The latest Chrome 8 nightly with the default hardware acceleration enabled runs the Speed Read test at a third of the IE9 speed (20fps compared to 60fps); IE9 finishes the test in 14 seconds, Chrome took around six minutes to run on the same PC and at 3fps Safari actually takes around 18 hours to finish the test.

On the Pacman-style Browser Hunt test that IE9 was running at 60fps thanks to its GPU-accelerated canvas, the Chrome 9 build from 7.30 this morning only managed 38 to 45fps for example, and the latest Firefox 4 beta 6 nightly build flew the SVG helicopter at 18mh rather than 180mph, with the movement looking very jerky - although the average is 17fps, it was taking anywhere between 34 and 88 milliseconds to draw a frame. Firefox shows the same variance in times in the fish tank test; the variation in how long Firefox takes t do a call back is two or three times more than the variance from IE, so again your experience isn't as smooth - which could get frustrating in a complex Web app.

Some of the difference is the way IE9 accelerates everything on the page, like the video background in the Track Splash test (Chrome Canary did a nice job of drawing the canvas elements but couldn't render the video and still took six times longer than IE9). There's the speed up from the JavaScript being inside the browser so you're not waiting for the marshalling system to send stuff back and forth over COM, and there's the speedup from JavaScript being compiled on your second core.
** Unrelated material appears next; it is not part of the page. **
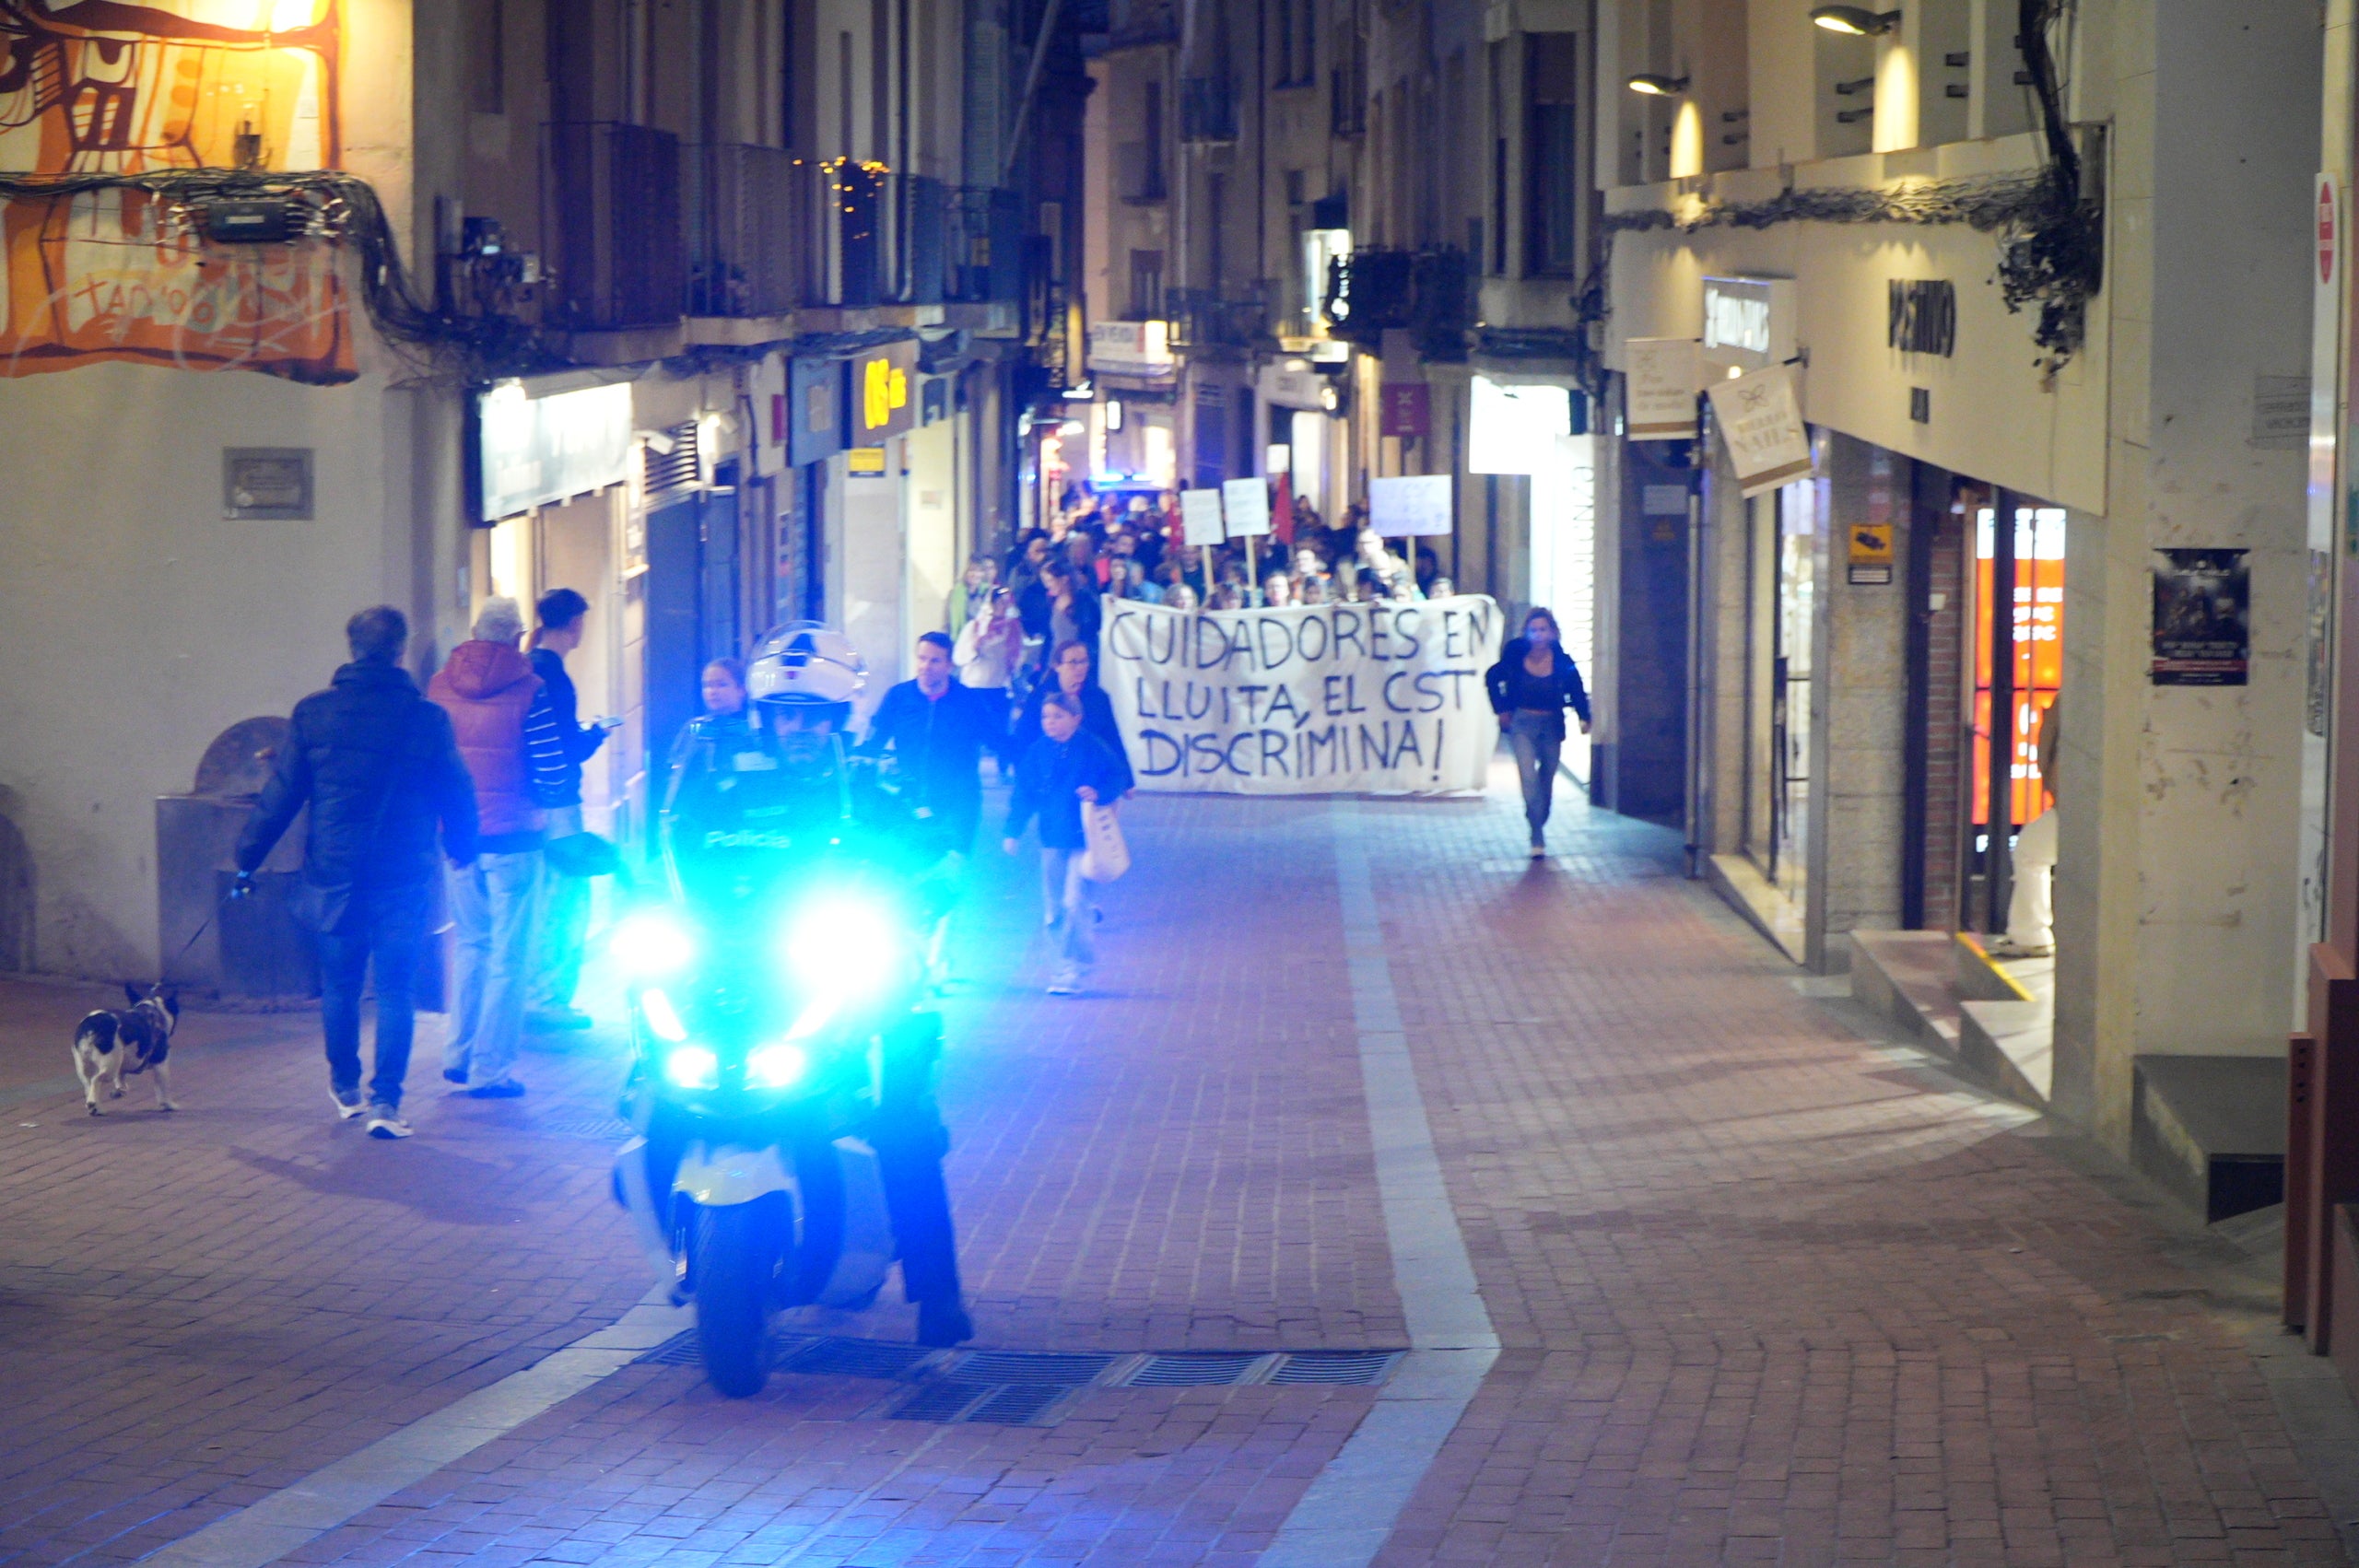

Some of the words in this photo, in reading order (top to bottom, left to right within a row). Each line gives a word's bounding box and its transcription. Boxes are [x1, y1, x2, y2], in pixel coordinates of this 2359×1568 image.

When the IE team first showed us the architecture of the Chakra JavaScript engine, I wondered if putting JavaScript on the second core would be competing with the other things that Windows is already running on my second core. That's not a problem if you have four cores, and the figures from the Windows Experience Index say that's getting more common.

On February 1st this year, the average number of cores was 2.3 (up from 2 in December 2009). By September that was up to 2.42 cores and the average core number on October 1st was 2.46 cores. With all the single-core Atom netbooks pulling down the average, there's still a lot of four cores and more on the way.